Since it's been a strong week for Hainan Jingliang Holdings shareholders, let's have a look at trend of the longer term fundamentals.

See our latest analysis for Hainan Jingliang Holdings

To quote Buffett, 'Ships will sail around the world but the Flat Earth Society will flourish. There will continue to be wide discrepancies between price and value in the marketplace...' One way to examine how market sentiment has changed over time is to look at the interaction between a company's share price and its earnings per share (EPS).

Hainan Jingliang Holdings' earnings per share are down 19% per year, despite strong share price performance over five years.

This means it's unlikely the market is judging the company based on earnings growth. Since the change in EPS doesn't seem to correlate with the change in share price, it's worth taking a look at other metrics.

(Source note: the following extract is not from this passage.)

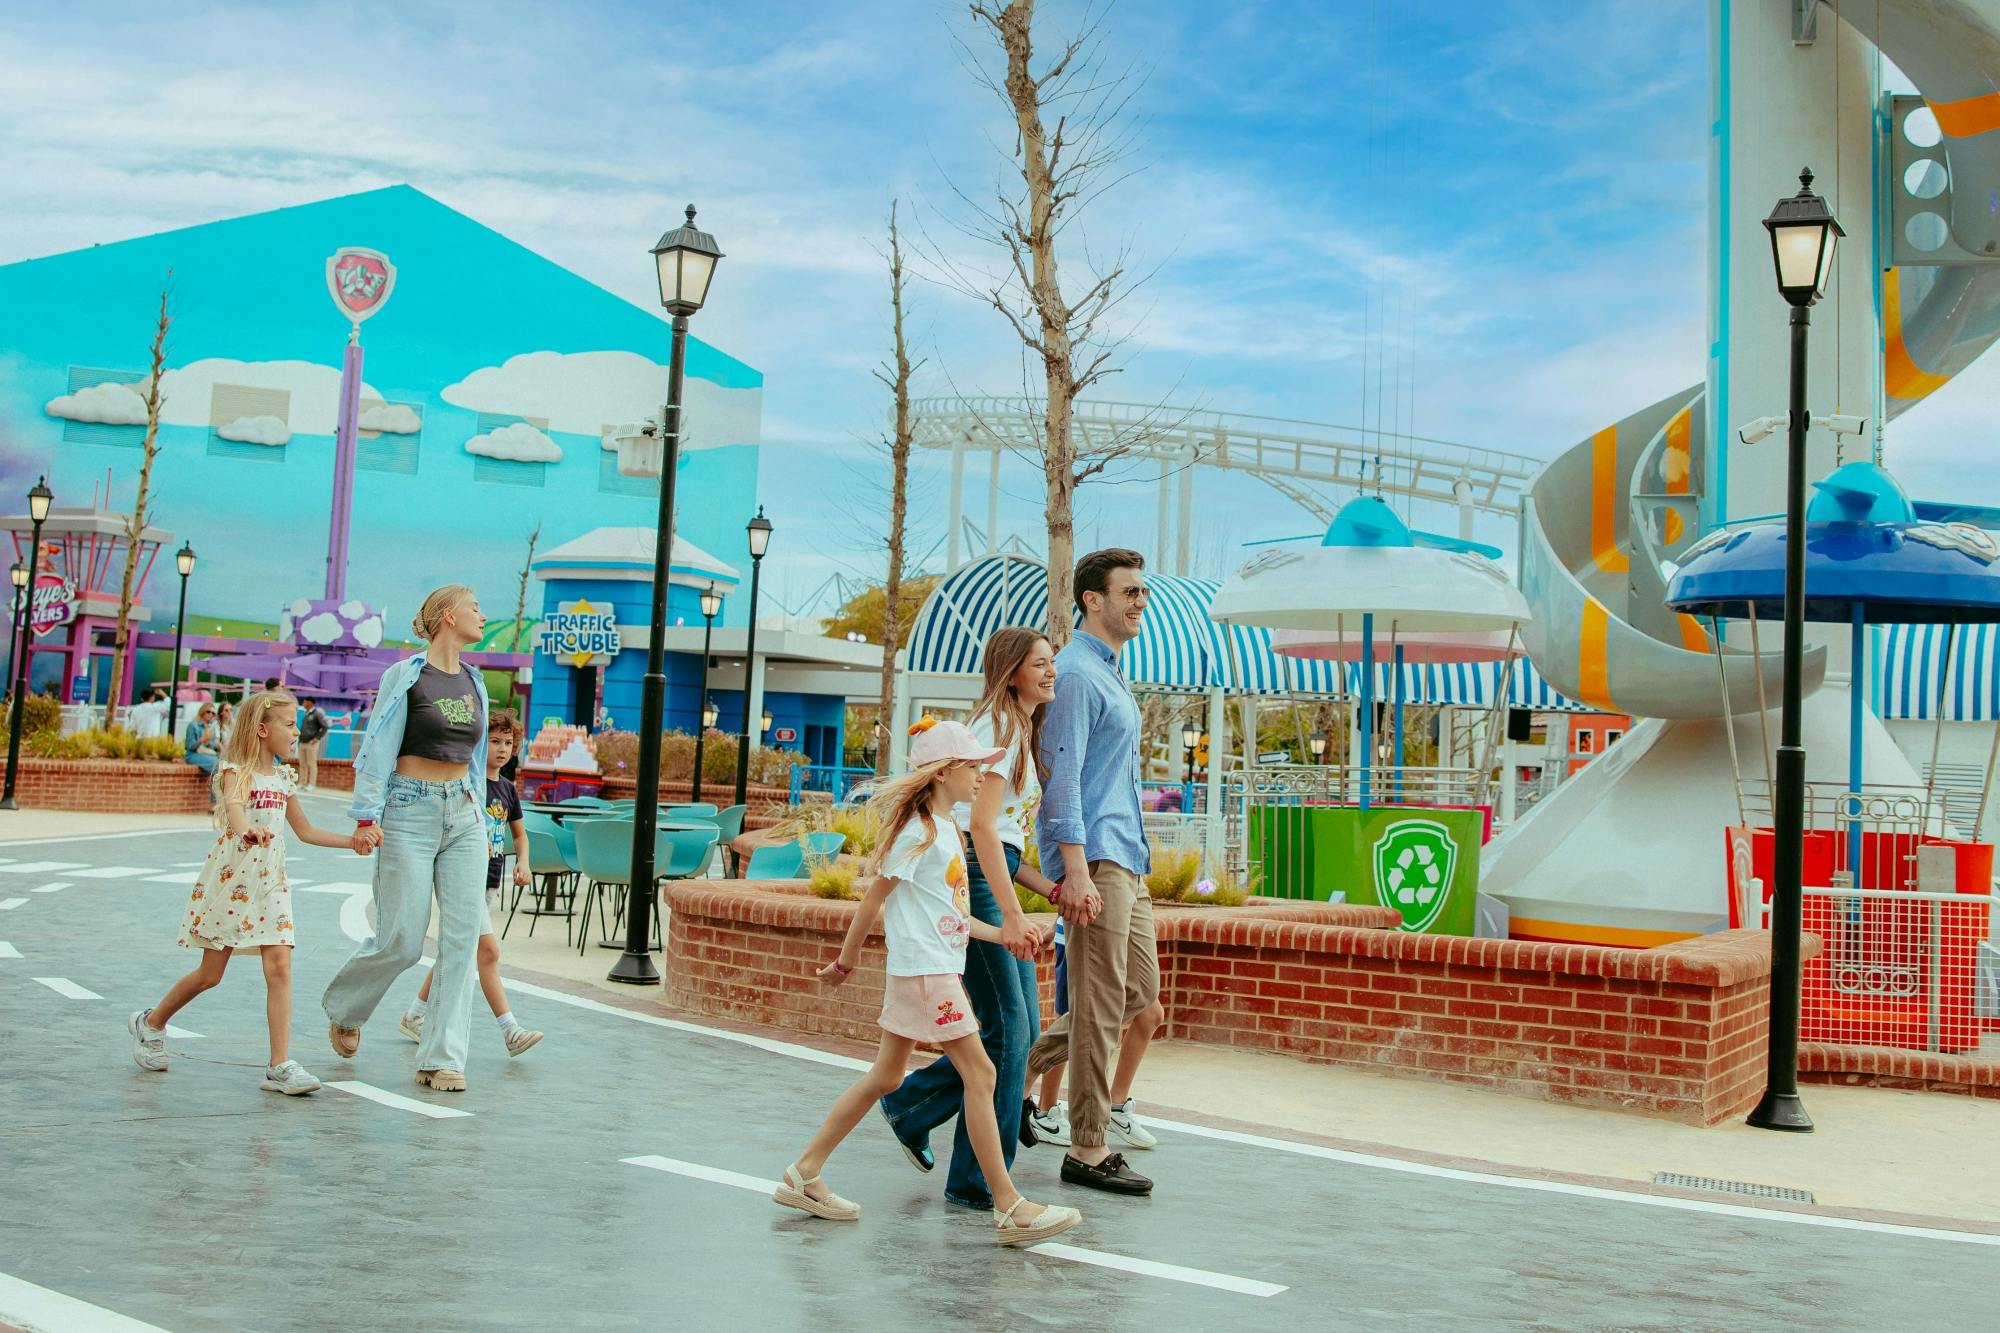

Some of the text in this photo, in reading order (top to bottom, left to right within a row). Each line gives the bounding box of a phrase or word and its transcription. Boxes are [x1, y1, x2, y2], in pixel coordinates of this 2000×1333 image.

[21, 605, 64, 626] YERS
[545, 613, 615, 632] TRAFFIC
[540, 632, 619, 654] TROUBLE
[1813, 841, 1823, 854] 3

We doubt the modest 0.9% dividend yield is attracting many buyers to the stock. In contrast revenue growth of 12% per year is probably viewed as evidence that Hainan Jingliang Holdings is growing, a real positive. In that case, the company may be sacrificing current earnings per share to drive growth.

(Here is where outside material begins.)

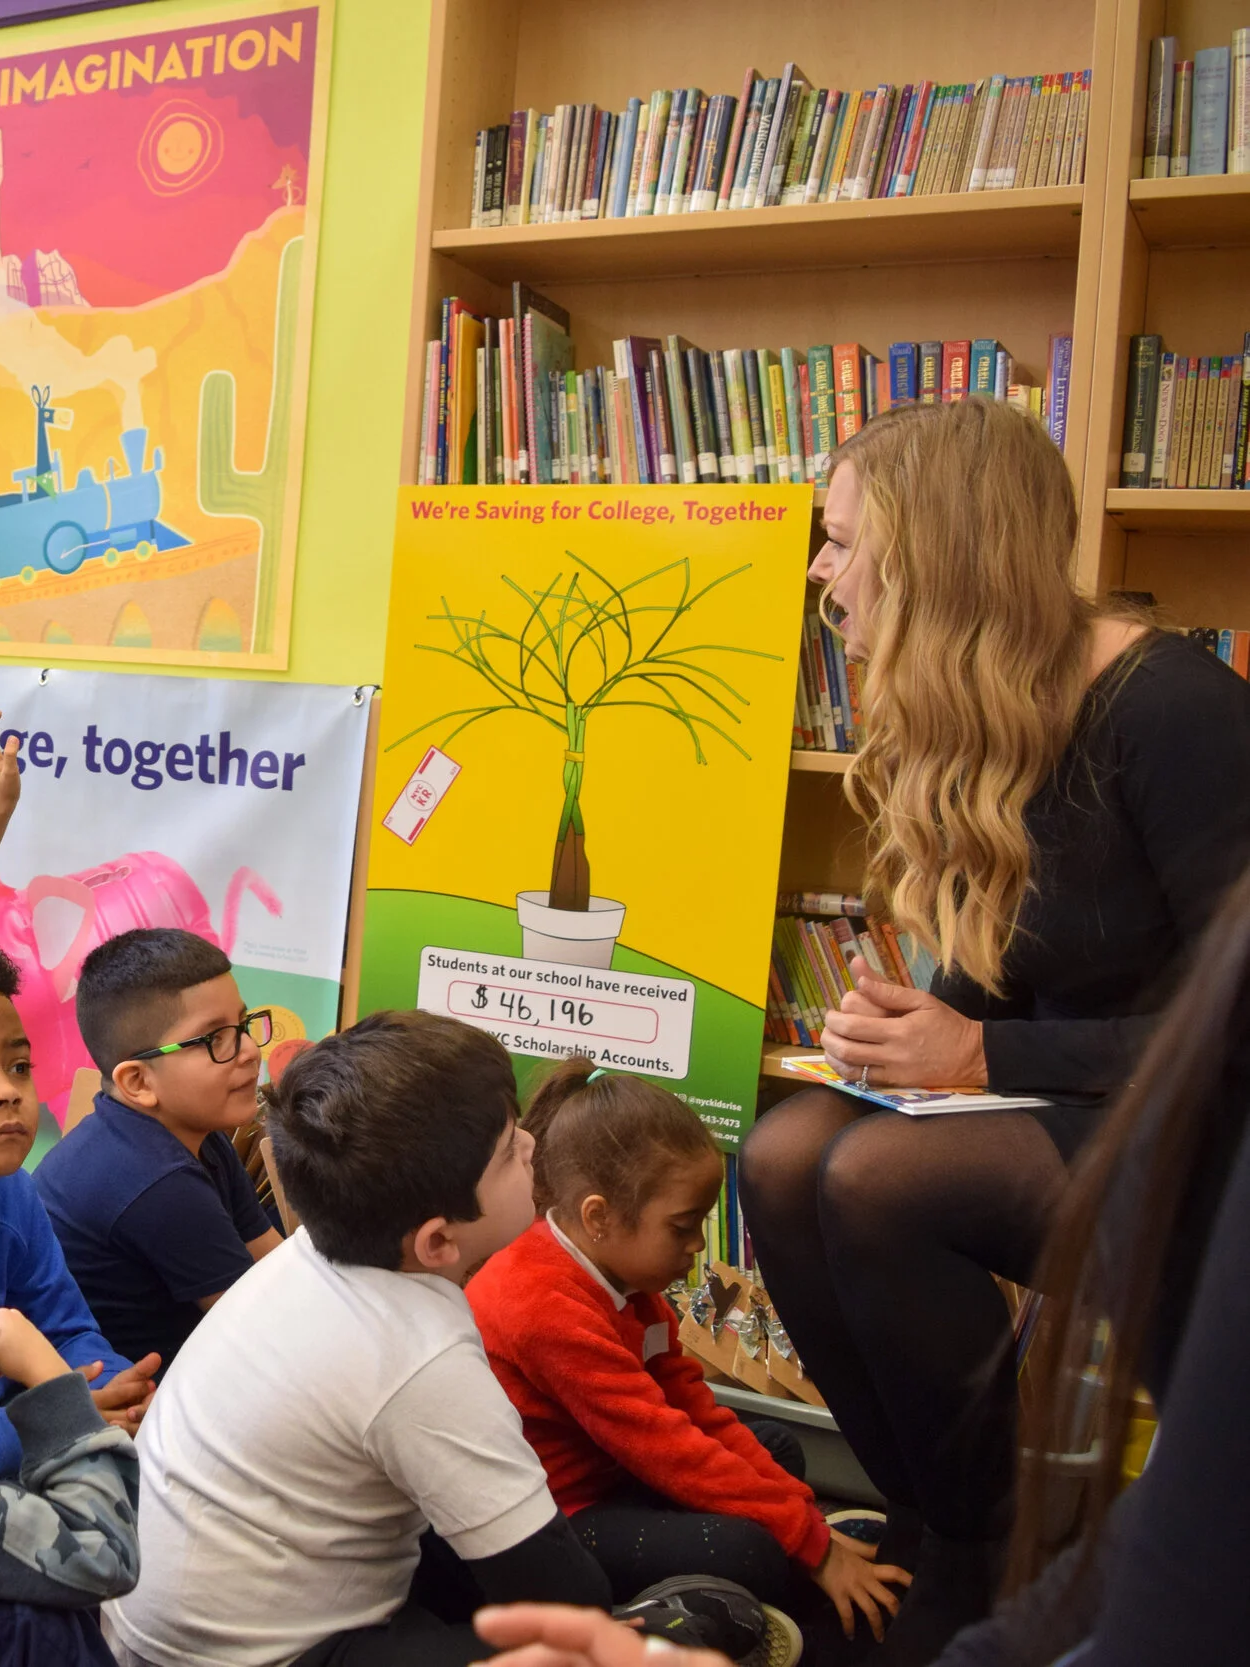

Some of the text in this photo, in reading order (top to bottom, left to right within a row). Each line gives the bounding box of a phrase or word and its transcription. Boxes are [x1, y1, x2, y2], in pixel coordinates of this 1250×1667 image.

The image below shows how earnings and revenue have tracked over time (if you click on the image you can see greater detail).

earnings-and-revenue-growth
SZSE:000505 Earnings and Revenue Growth December 3rd 2024

This free interactive report on Hainan Jingliang Holdings' balance sheet strength is a great place to start, if you want to investigate the stock further.

A Different Perspective

Hainan Jingliang Holdings provided a TSR of 4.3% over the last twelve months. But that return falls short of the market. If we look back over five years, the returns are even better, coming in at 7% per year for five years. Maybe the share price is just taking a breather while the business executes on its growth strategy. I find it very interesting to look at share price over the long term as a proxy for business performance. But to truly gain insight, we need to consider other information, too. To that end, you should learn about the 4 warning signs we've spotted with Hainan Jingliang Holdings (including 2 which can't be ignored) .

Of course, you might find a fantastic investment by looking elsewhere. So take a peek at this free list of companies we expect will grow earnings.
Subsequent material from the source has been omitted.